Da redação
A Câmara dos Deputados da Argentina aprovou, na madrugada desta sexta-feira (20), o projeto de reforma trabalhista apoiado pelo presidente Javier Milei. A proposta recebeu 135 votos favoráveis e 115 contrários, mesmo sob impacto de uma greve nacional convocada por sindicatos opositores, que paralisou setores do país.
A medida, vista por investidores como um teste ao poder de Milei para avançar sua agenda de livre mercado, já havia sido aprovada pelo Senado na semana anterior, com apoio do partido governista e aliados de centro-direita. Segundo o governo, o objetivo é estimular investimentos e aumentar o emprego formal no país.

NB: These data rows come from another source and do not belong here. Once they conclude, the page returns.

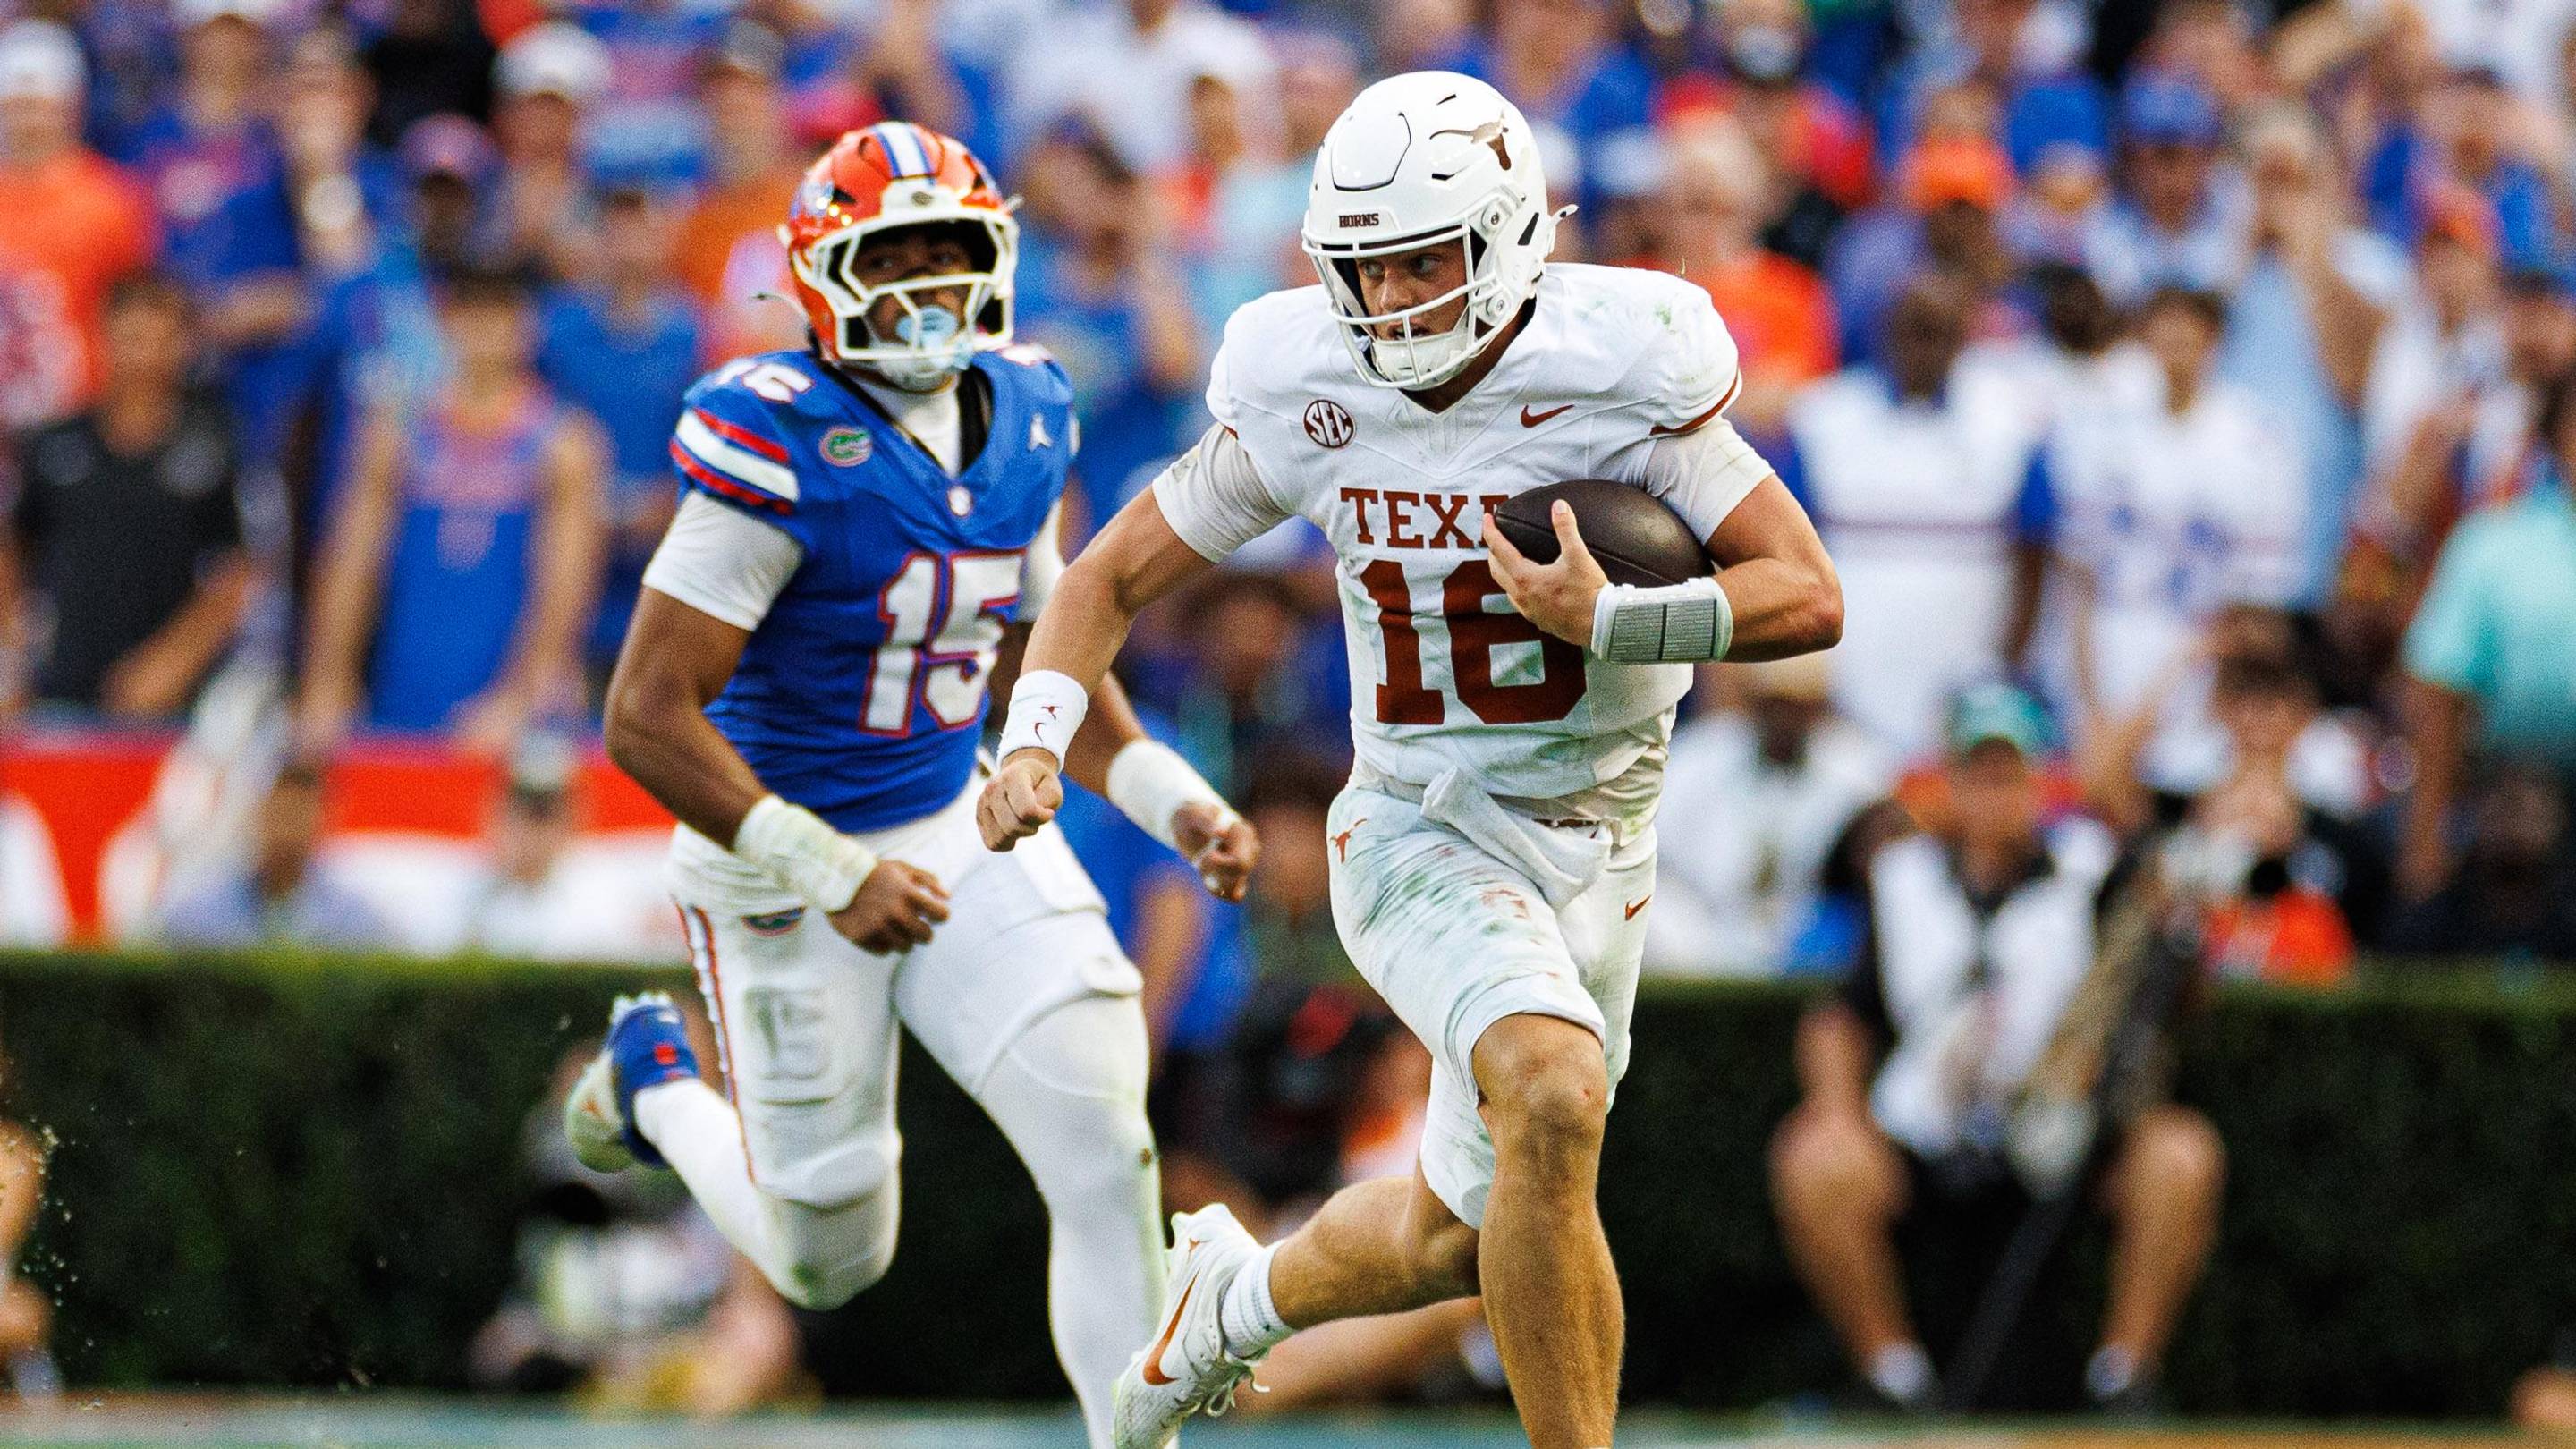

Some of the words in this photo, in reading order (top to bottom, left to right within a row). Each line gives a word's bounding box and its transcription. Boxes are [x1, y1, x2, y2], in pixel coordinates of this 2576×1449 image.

[1338, 212, 1380, 228] HORNS
[1305, 401, 1353, 446] SEC
[859, 548, 1026, 739] 15
[1360, 559, 1587, 725] 16
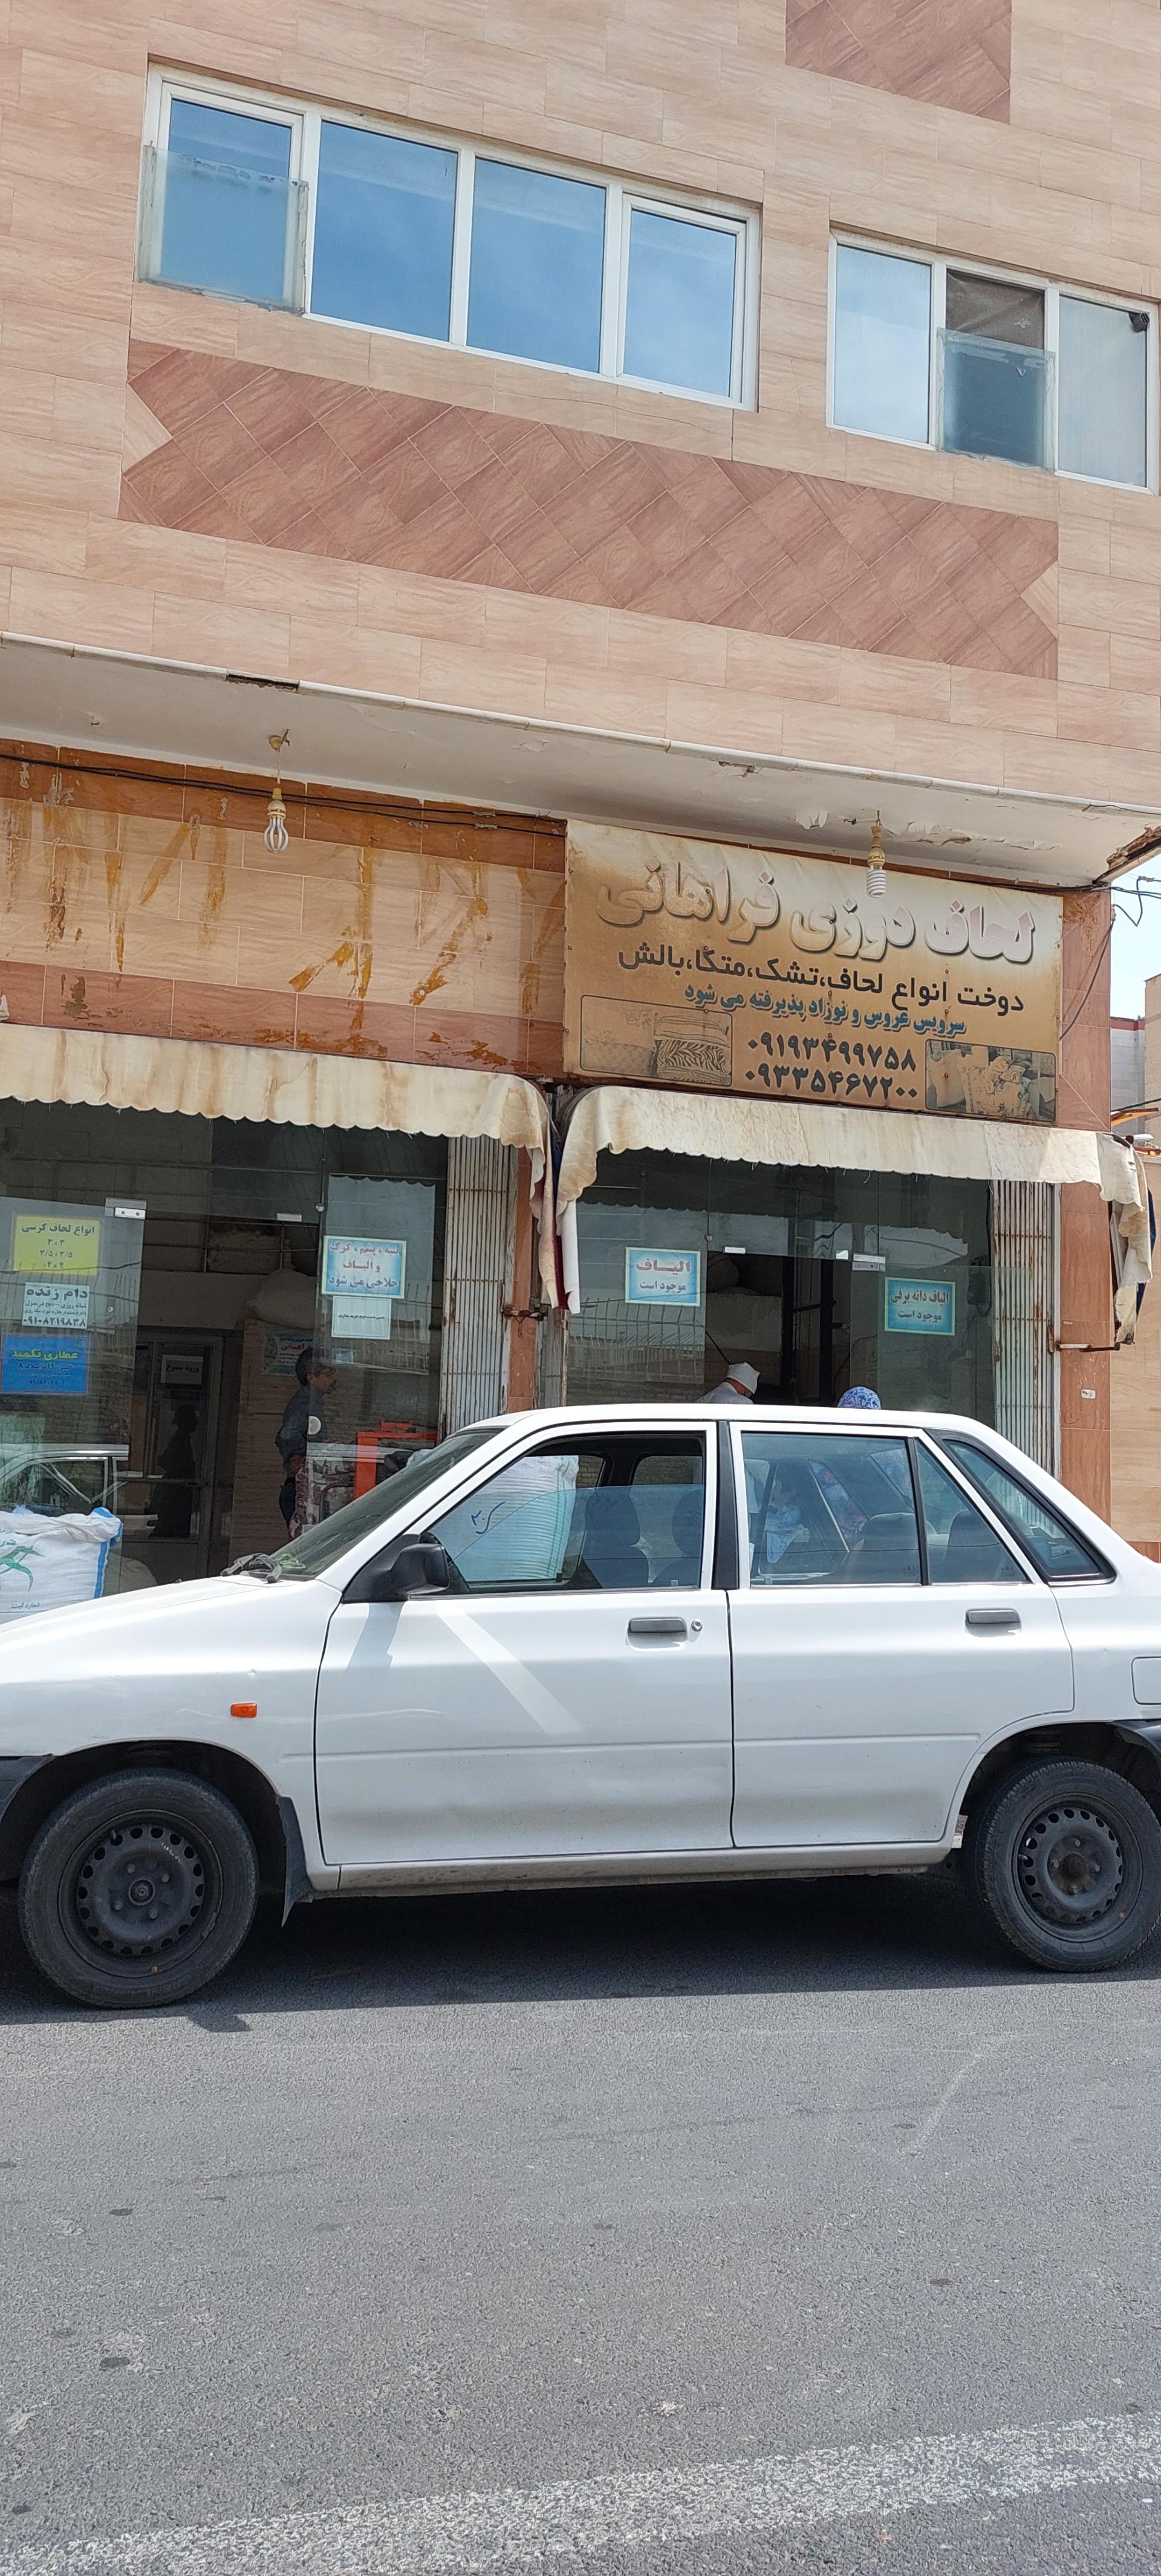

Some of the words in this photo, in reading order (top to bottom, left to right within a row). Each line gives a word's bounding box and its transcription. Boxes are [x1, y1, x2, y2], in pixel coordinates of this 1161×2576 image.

[597, 855, 781, 944] فراهانی
[789, 897, 916, 961] دوزی
[925, 899, 1035, 963] لحاف
[685, 983, 717, 1008] شود
[891, 977, 948, 1010] انواع
[957, 985, 1024, 1016] دوخت
[749, 989, 807, 1022] پذیرفته
[808, 997, 848, 1024] نوزاد
[851, 1008, 861, 1027] و
[863, 1010, 910, 1032] عروس
[913, 1015, 966, 1038] سرویس
[747, 1031, 917, 1072] ۰۹۱۹۳۴۹۹۷۵۸
[744, 1062, 918, 1100] ۰۹۳۳۵۴۶۷۲۰۰
[21, 1222, 48, 1234] کرسی
[49, 1223, 71, 1233] لحاف
[73, 1225, 95, 1236] انواع
[360, 1244, 376, 1256] پشم
[343, 1259, 373, 1272] الیاف
[374, 1264, 381, 1273] و
[636, 1258, 691, 1275] الیاف
[328, 1275, 347, 1287] شود
[350, 1279, 364, 1288] می
[366, 1277, 398, 1289] حلاجی
[640, 1280, 658, 1289] است
[660, 1281, 686, 1293] موجود
[26, 1286, 60, 1301] زنده
[63, 1287, 88, 1302] دام
[890, 1287, 911, 1304] برفی
[912, 1289, 928, 1302] دانه
[929, 1290, 949, 1306] الیاف
[897, 1309, 915, 1318] است
[917, 1312, 942, 1323] موجود
[44, 1350, 79, 1361] عطاری
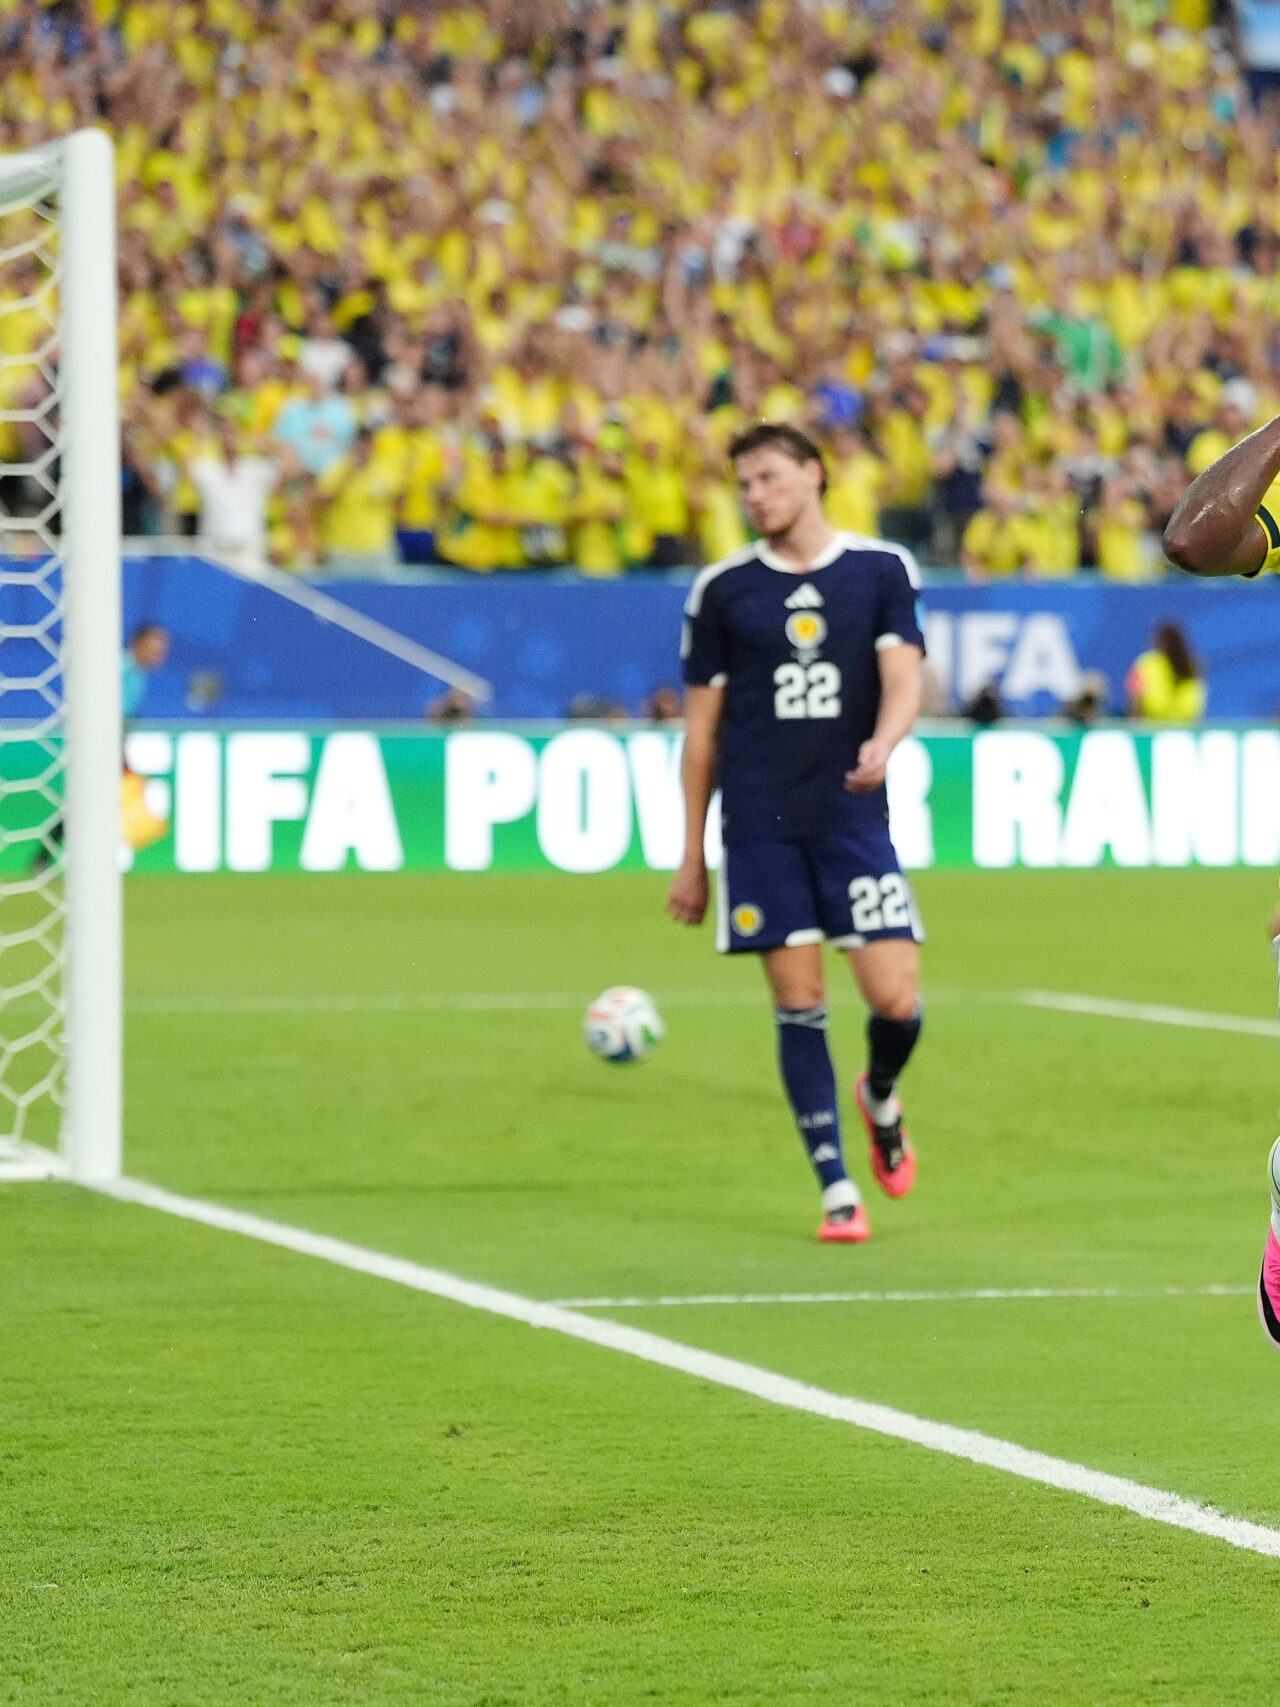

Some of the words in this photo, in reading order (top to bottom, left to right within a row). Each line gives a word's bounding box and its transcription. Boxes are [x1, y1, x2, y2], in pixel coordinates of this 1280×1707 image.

Durante o debate, os parlamentares discutiram diversas alterações no texto, retirando, entre outros pontos, um artigo que previa a redução de benefícios relacionados à saúde dos trabalhadores. “De que adianta toda uma biblioteca de legislação trabalhista se, no final das contas, o sistema que ela estabelece não serve para criar empregos?”, questionou Lisandro Almirón, deputado do partido do governo.
Sindicatos criticaram a proposta, alegando que a reforma ameaça proteções trabalhistas históricas, incluindo o direito à greve. A principal central sindical do país, a CGT, organizou uma paralisação de 24 horas na quinta-feira, que atingiu trabalhadores dos transportes, servidores públicos e bancários.
O texto da reforma retorna agora ao Senado, onde será submetido à votação final para aprovação.